=== Task description ===
Reproduce the records below exactly; the images should not appear.
......
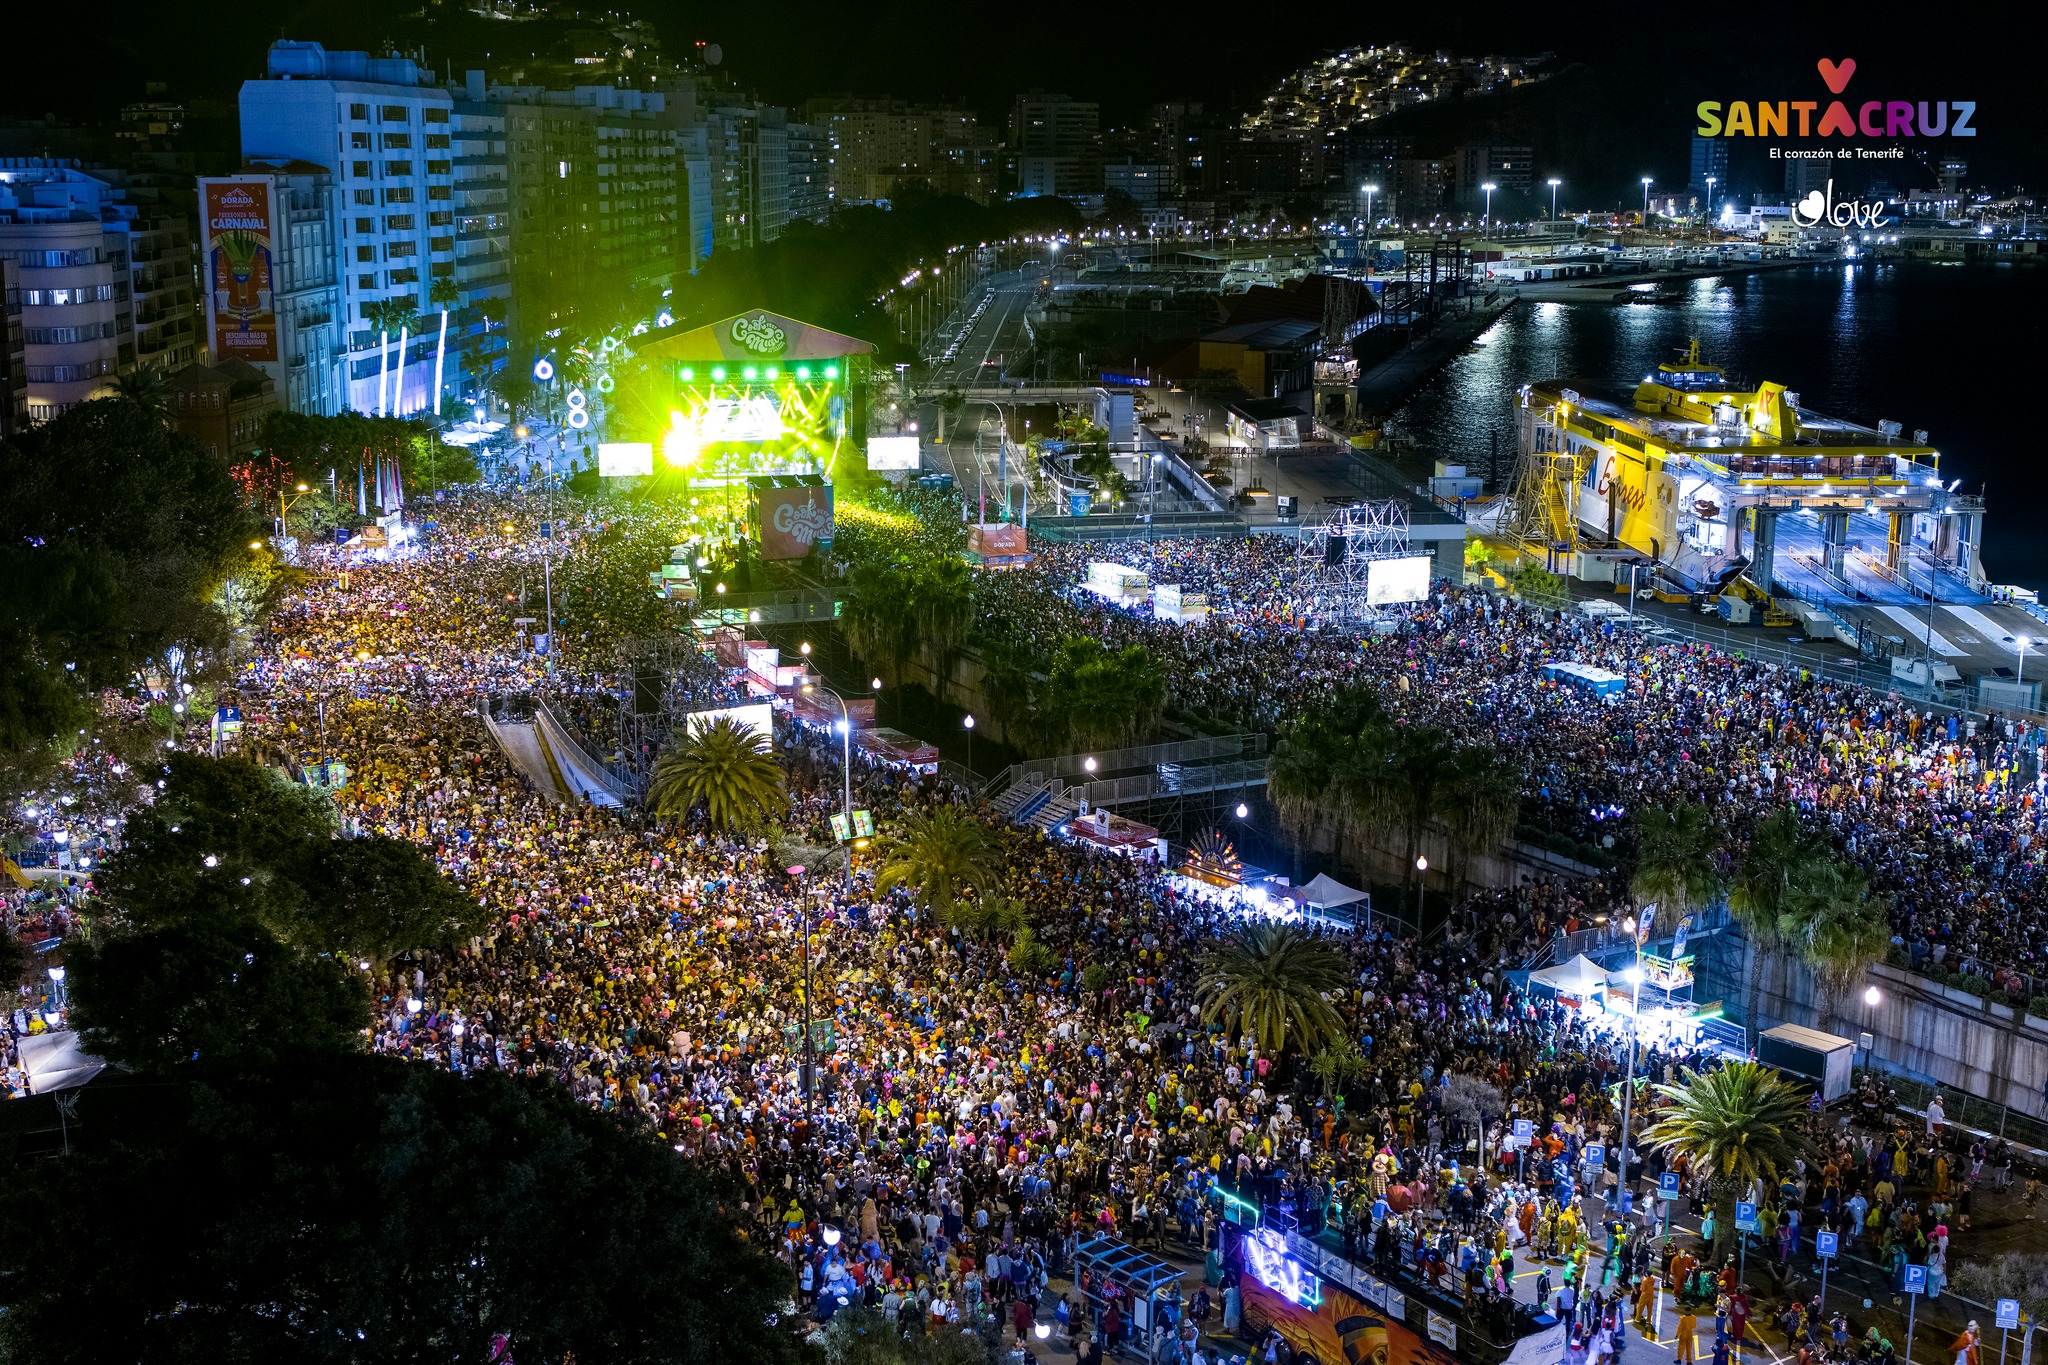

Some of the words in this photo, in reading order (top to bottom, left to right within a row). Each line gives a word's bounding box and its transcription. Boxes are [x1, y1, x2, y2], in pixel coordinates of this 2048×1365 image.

[211, 218, 267, 229] CARNAVAL
[227, 708, 234, 717] P
[1518, 1121, 1528, 1135] P
[1589, 1147, 1600, 1160] P
[1664, 1175, 1675, 1188] P
[1740, 1204, 1752, 1218] P
[1821, 1235, 1833, 1248] P
[1909, 1267, 1921, 1281] P
[2001, 1301, 2014, 1315] P
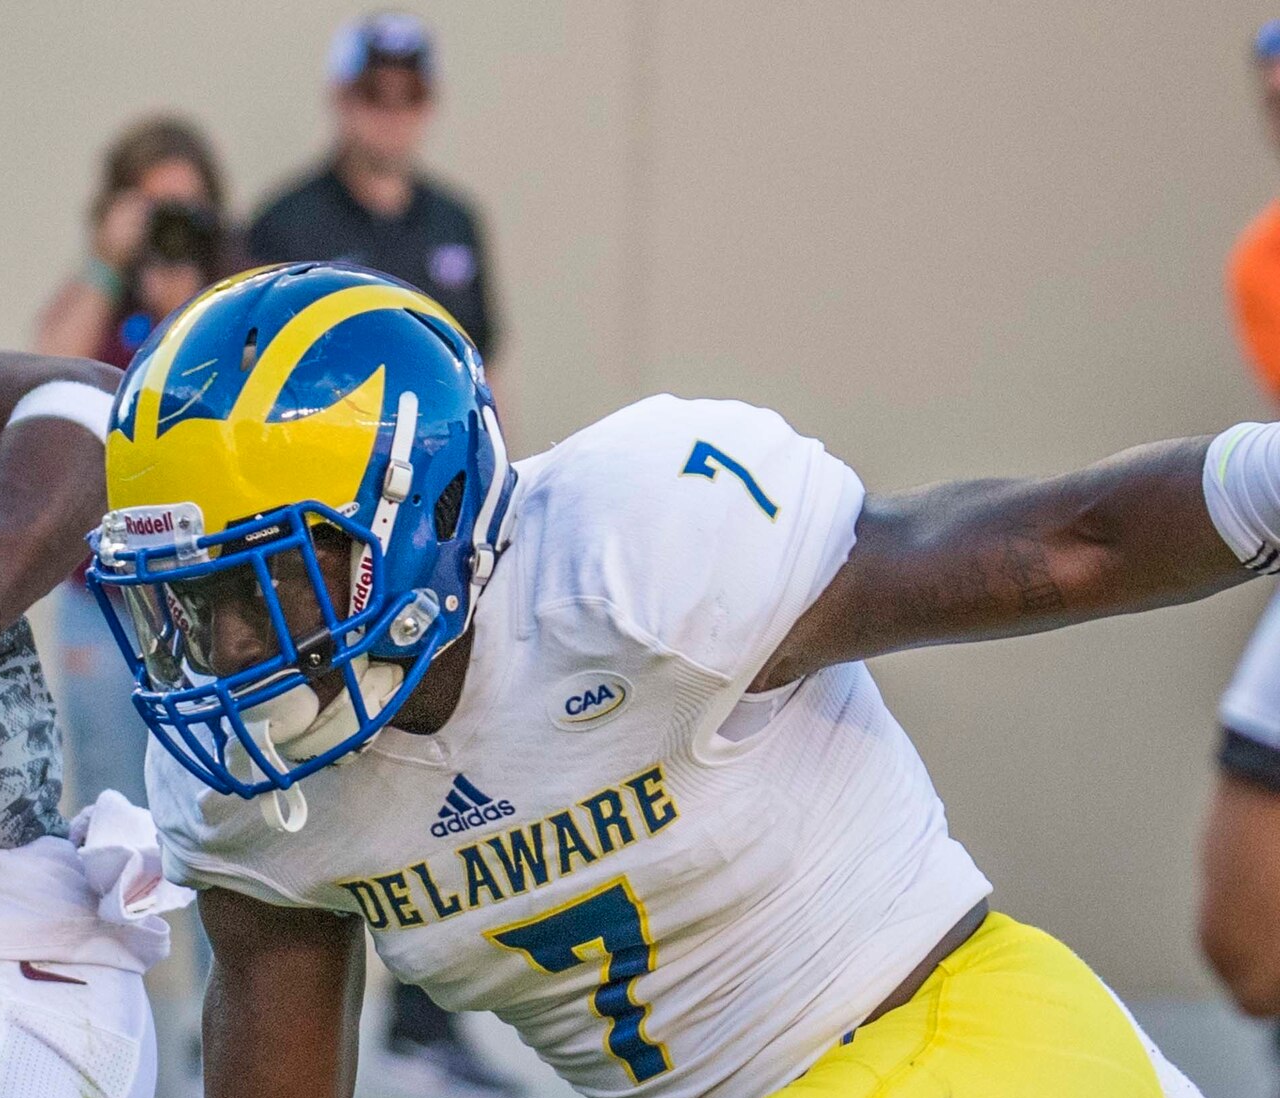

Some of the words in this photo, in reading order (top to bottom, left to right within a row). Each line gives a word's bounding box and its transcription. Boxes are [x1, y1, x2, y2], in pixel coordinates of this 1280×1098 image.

[678, 438, 780, 523] 7
[124, 511, 174, 536] Riddell
[565, 684, 616, 716] CAA
[344, 763, 681, 932] DELAWARE
[430, 799, 515, 838] adidas
[482, 873, 677, 1086] 7
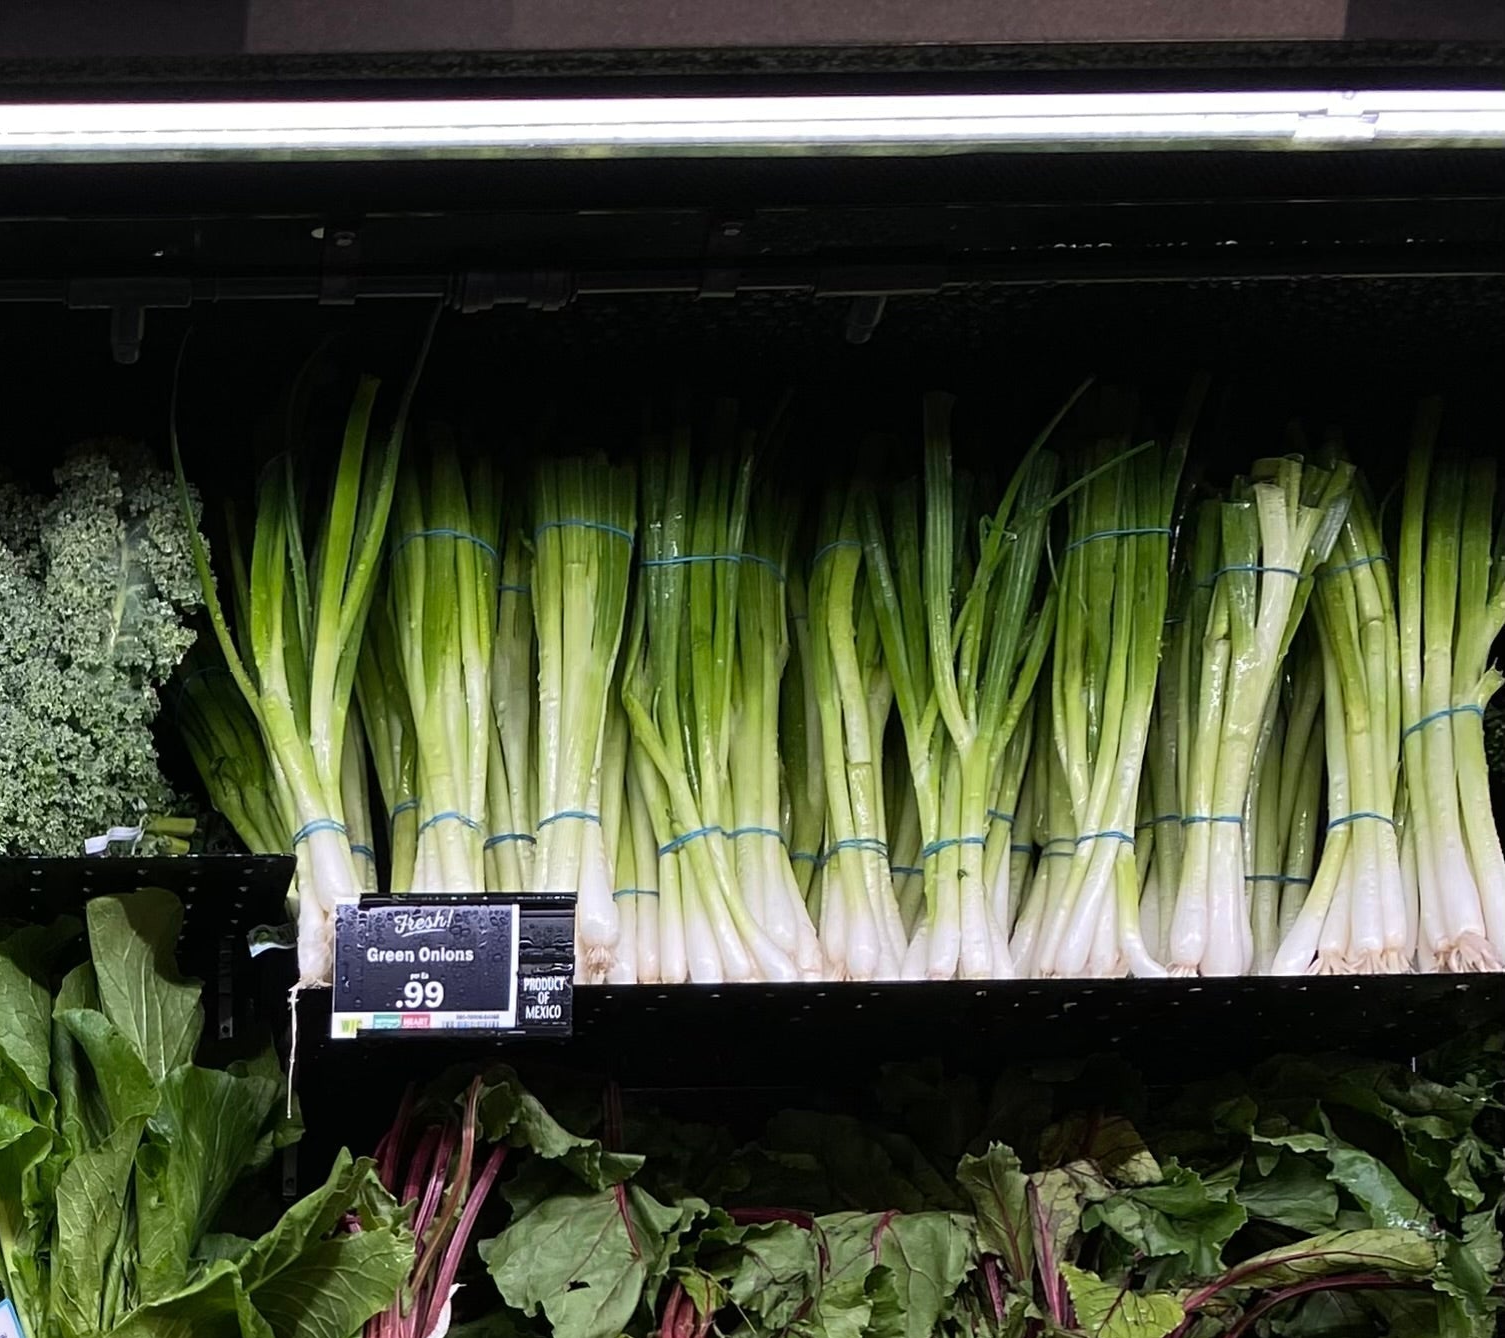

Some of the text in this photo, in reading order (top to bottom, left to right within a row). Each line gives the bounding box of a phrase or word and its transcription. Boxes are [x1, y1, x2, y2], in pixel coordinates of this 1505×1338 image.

[394, 910, 454, 933] Fresh!
[367, 947, 474, 962] Green Onions
[523, 977, 565, 991] PRODUCT
[395, 981, 444, 1008] .99
[537, 991, 550, 1004] OF
[525, 1004, 562, 1019] MEXICO
......
=== Solution for this task ===
Some of the words in this photo, in reading order (top to bottom, left to right within a row). Each line gives a word's bounding box and its transcription. Boxes are [x1, y1, x2, y2], in pixel coordinates of this 2048×1365 image.

[211, 218, 267, 229] CARNAVAL
[227, 708, 234, 717] P
[1518, 1121, 1528, 1135] P
[1589, 1147, 1600, 1160] P
[1664, 1175, 1675, 1188] P
[1740, 1204, 1752, 1218] P
[1821, 1235, 1833, 1248] P
[1909, 1267, 1921, 1281] P
[2001, 1301, 2014, 1315] P

Some of the words in this photo, in reading order (top to bottom, left to right within a row). Each line gives a word's bounding box and its transcription. Boxes are [x1, y1, x2, y2], in pixel coordinates of this 1280×1098 image.

[678, 438, 780, 523] 7
[124, 511, 174, 536] Riddell
[565, 684, 616, 716] CAA
[344, 763, 681, 932] DELAWARE
[430, 799, 515, 838] adidas
[482, 873, 677, 1086] 7

Some of the text in this photo, in reading order (top to bottom, left to right within a row). Each line gives the bounding box of a phrase or word and its transcription. Boxes are [x1, y1, x2, y2], in pixel coordinates of this 1505×1338 image.

[394, 910, 454, 933] Fresh!
[367, 947, 474, 962] Green Onions
[523, 977, 565, 991] PRODUCT
[395, 981, 444, 1008] .99
[537, 991, 550, 1004] OF
[525, 1004, 562, 1019] MEXICO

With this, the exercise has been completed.